Cam's dad, Randy, conducted for us. We sang I feel my Savior's love, and my dad gave the opening prayer. Randy said some very nice things about Cam & I, and then Cam got up and spoke about the miracles that we had witnessed with Carter & Benson. I read a poem that fit perfectly with everything, and then Cam dedicated our boys grave with a prayer. 
It was so hard sitting front and center, with the boys laying right in front of us. How do you be strong through that? I think I was scared to cry in front of so many people, but I couldn't hide my emotions. As soon as Cam finished dedicating the grave, a huge brick was lifted off my shoulders. The planning we did was done and worked out great, the boys were celebrated & taken care of, and now we could now somewhat start moving on a little bit. 

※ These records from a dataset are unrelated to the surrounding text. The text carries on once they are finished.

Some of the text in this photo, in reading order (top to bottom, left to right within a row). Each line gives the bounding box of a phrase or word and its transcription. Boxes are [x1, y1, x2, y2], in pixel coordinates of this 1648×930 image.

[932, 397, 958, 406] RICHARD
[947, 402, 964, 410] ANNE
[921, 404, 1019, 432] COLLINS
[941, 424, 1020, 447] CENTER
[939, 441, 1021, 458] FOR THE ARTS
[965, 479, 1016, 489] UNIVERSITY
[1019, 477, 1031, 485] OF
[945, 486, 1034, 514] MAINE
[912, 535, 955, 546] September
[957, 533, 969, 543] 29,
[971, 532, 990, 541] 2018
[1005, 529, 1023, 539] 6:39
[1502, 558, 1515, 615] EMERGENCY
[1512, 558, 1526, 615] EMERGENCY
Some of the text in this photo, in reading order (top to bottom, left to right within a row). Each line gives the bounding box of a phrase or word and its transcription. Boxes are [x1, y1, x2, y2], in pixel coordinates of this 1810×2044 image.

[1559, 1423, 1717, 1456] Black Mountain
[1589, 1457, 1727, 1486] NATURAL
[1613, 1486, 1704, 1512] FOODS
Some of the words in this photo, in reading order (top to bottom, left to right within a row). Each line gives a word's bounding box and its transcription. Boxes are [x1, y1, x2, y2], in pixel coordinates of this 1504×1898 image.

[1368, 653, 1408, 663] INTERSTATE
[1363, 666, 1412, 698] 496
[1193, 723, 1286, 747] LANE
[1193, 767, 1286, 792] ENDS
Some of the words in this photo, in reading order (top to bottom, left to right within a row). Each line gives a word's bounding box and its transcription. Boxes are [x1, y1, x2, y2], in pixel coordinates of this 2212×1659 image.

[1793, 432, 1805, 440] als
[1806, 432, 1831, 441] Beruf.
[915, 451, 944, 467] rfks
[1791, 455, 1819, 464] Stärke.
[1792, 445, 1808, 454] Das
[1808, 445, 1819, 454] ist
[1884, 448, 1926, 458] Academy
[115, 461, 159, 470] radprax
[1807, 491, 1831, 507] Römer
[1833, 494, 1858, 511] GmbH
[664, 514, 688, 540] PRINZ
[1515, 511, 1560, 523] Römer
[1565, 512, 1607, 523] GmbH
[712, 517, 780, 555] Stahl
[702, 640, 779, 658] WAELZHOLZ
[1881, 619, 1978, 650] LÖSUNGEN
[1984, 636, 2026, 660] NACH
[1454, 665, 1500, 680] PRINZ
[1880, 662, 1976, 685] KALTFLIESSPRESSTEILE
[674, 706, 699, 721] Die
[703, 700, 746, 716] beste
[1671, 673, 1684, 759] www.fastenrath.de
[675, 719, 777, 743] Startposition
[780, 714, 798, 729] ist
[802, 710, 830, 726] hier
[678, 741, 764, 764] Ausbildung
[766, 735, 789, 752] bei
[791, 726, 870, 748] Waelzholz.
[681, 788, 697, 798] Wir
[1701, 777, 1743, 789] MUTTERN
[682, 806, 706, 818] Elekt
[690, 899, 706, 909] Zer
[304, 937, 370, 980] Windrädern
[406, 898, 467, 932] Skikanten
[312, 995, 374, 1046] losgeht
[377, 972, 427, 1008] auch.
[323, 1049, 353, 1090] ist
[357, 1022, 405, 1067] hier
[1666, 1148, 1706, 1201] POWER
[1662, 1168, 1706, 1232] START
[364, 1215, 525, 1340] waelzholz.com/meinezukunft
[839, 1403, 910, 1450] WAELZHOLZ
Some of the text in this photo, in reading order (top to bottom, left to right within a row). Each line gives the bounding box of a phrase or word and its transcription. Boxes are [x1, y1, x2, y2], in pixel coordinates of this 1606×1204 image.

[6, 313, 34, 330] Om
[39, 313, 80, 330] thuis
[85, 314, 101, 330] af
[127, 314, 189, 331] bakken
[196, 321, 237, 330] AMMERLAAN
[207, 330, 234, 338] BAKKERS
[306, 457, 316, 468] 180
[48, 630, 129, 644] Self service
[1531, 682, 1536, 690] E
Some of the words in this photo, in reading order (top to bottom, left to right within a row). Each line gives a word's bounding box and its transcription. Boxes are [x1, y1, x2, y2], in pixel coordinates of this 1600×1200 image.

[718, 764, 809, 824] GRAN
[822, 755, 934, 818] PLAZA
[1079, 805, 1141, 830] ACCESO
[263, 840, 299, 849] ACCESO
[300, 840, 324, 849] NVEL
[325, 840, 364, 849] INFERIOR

Another idea I had from Maddie was sending off balloons. It only seemed fitting. Little kids love balloons and white just seemed perfect for the occasion. It was the perfect ending to our little service. As we sent them off to heaven I felt like it symbolized so many things.
White: Pure. Our boys were so perfect & pure. Just needing a body in this life.
Looking up: Looking up towards heaven.
Letting go of the balloons: Letting them go. Back to their Heavenly Father.

I felt so many good emotions as we sent those off. Our little nephew Calvin said, "This balloon is for Carter!" And our other nephew Coleman said, "This balloon is for Benson!" It was the sweetest thing. They both brought blue Beanie Babies for the boys, that we later opened the casket and put with them. Cam & I knew the whole time that our twins were standing there watching the whole thing with their arms around each other. 



An Angel Never Dies

Don’t let them say I wasn’t born,
That something stopped my heart
I felt each tender squeeze you gave,
I’ve loved you from the start.

Although my body you can’t hold
It doesn’t mean I’m gone
This world was worthy, not of me
God chose that I move on.

I know the pain that drowns your soul,
What you are forced to face
You have my word, I’ll fill your arms,
Someday we will embrace.

You’ll hear that it was meant to be,
God doesn’t make mistakes
But that wont soften your worst blow,
Or make your heart not ache.

I’m watching over all you do,
Another child you’ll bear
Believe me when I say to you,
That I am always there.

There will come a time, I promise you,
When you will hold my hand,
Stroke my face and kiss my lips
And then you’ll understand.

Although I’ve never breathed your air,
Or gazed into your eyes
That doesn’t mean I never was,
An Angel never dies. 
















It was a day we would never forget. The things that were said and felt gave us so much peace. I never ever thought we would have to do this when we got the call from our fertility Dr saying that we were pregnant. But, we have realized, our lives will always be changing and things will happen that we have never planned on. Our Sundays now consist of taking a drive down to the Provo Cemetery. To visit our boys and to just think about life. It's never easy pulling up there. I wonder when it will ever get easy.. I don't think it will. I always tell myself "don't cry!" But I always do. We always walk around and look at all the other infants headstones. Some living only a day, some a few months, and some almost a year. We like to clean off the other headstones that have weeds growing on them, or need flowers or toys picked up that have been blown by the wind. Those parents went through the same thing we did, so we can all take care of each other. 

We can't wait for the day to bring our other kids here, to visit their big brothers. To tell them how amazing and strong they were, and how much their mom & dad love and miss them. Our boys are surrounded by our loved ones that have passed on, and all the other babies that they are buried near at the Angel Garden. 

We love you both SOOOOOOOOOOOOOOOOOOOO much times infinity!